Whether buying time or giving it time, the clock and calendar measure the success of military medics and physicians.
Medics feverishly work against the clock during the golden hour—that brief period of time to stave off death following severe trauma, when bleeding must be controlled, shock prevented, and the patient transported for more intensive care.
For physicians, it’s a waiting game. Only time will tell if what they’ve done will repair or cure the patient, and Mother Nature can take her own sweet time about it.
But what if time could be stretched for the former, and shortened for the latter?
DARPA, the futuristic U.S. Defense Advanced Research Projects Agency, has major projects looking at both ends of this time continuum.
The Biostasis program aims to improve survival for military personnel who suffer traumatic wounds or injuries and acute infections by “going after time itself, at least how the body manages it,” says the DARPA website.
By slowing down or speeding up biochemical reactions inside cells following traumatic injury, it may be possible to extend the golden hour by, say, slowing excessive bleeding or triggering blood clotting.
Researchers with DARPA are investigating ways to speed up healing.
“If we can figure out the best ways to bolster other biological systems and make them less likely to enter a runaway downward spiral after being damaged, then we will have made a significant addition to the biology toolbox,” said program manager Tristan McClure-Begley in an interview with Military Times.
On the research agenda is cryptobiosis, how certain animals have evolved to survive life-threatening trauma. Tardigrades, for instance, can slow down their metabolic processes to survive freezing, radiation or dehydration (“Docbots and drones” September/October 2019). The animals are still alive, even though their metabolic processes seem to have stopped. They revive once circumstances improve. Perhaps drugs can be developed to control human biological systems to lengthen the time for life-saving interventions.
Time passes slowly for someone in hospital or rehabilitation following a wound or injury. But researchers with DARPA’s Bioelectronics for Tissue Regeneration program are investigating ways to speed up healing.
The goal “is to design a bioelectronic device that would be used as a ‘smart’ wound dressing that would cut the time it takes to heal a complex wound in half,” said Jonathan Rivnay of the McCormick School of Engineering at Northwestern University in Illinois.

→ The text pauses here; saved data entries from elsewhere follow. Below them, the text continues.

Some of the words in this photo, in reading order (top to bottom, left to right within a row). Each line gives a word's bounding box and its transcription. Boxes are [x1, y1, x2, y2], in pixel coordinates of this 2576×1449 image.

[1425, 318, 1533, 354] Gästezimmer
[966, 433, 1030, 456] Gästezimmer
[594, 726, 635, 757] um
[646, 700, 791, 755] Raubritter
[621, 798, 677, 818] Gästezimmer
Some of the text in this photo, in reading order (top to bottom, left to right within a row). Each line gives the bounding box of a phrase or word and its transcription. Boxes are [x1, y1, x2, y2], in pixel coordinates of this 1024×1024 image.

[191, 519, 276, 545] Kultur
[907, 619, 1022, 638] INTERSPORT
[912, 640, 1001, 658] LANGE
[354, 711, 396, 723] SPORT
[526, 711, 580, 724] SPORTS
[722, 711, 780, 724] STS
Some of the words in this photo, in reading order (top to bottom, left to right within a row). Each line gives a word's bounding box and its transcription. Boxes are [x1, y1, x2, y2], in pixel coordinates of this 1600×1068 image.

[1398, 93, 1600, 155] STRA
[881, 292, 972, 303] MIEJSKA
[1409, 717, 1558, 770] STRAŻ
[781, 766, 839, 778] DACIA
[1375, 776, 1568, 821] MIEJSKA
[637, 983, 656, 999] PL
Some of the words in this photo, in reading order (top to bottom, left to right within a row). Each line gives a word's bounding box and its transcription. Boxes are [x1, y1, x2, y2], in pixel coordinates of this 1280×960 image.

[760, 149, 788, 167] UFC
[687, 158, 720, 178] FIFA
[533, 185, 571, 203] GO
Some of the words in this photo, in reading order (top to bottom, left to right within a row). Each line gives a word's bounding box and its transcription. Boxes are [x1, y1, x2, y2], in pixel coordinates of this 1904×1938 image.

Many research teams are working to develop a device controlled by artificial intelligence that will respond to biomarkers in the wound, to stimulate or dampen certain healing processes to optimize wound healing. The device could be used, for instance, for switching off the inflammatory response or triggering growth factors that stimulate muscle regeneration.
Another project is looking at treatment of wounds with large amounts of muscle damage. The body usually generates a thick, stiff scar over large wounds because it is unable to regenerate enough muscle tissue.
“The sort of technology we’re developing offers hope where there otherwise would have been no hope,” said Stephen Badylak, deputy director of University of Pittsburgh’s McGowan Institute for Regenerative Medicine, in an interview with The Engineer.
Teams at various universities are working to develop bioelectronics for sensing and stimulation, new imaging technology to measure blood flow and growth of blood vessels, flexible photonic devices for monitoring temperature and biochemical factors in the wound.
Although this technology is being developed for use on complex wounds sustained by military personnel, such as blast wounds from explosions, it will also be welcome for treatment of civilians’ hard-to-heal wounds from such things as deep burns, loss of muscle due to an accident or cancer treatment and the stubborn wounds that can accompany diabetes.
Time heals all wounds, but with a little scientific help, perhaps much faster.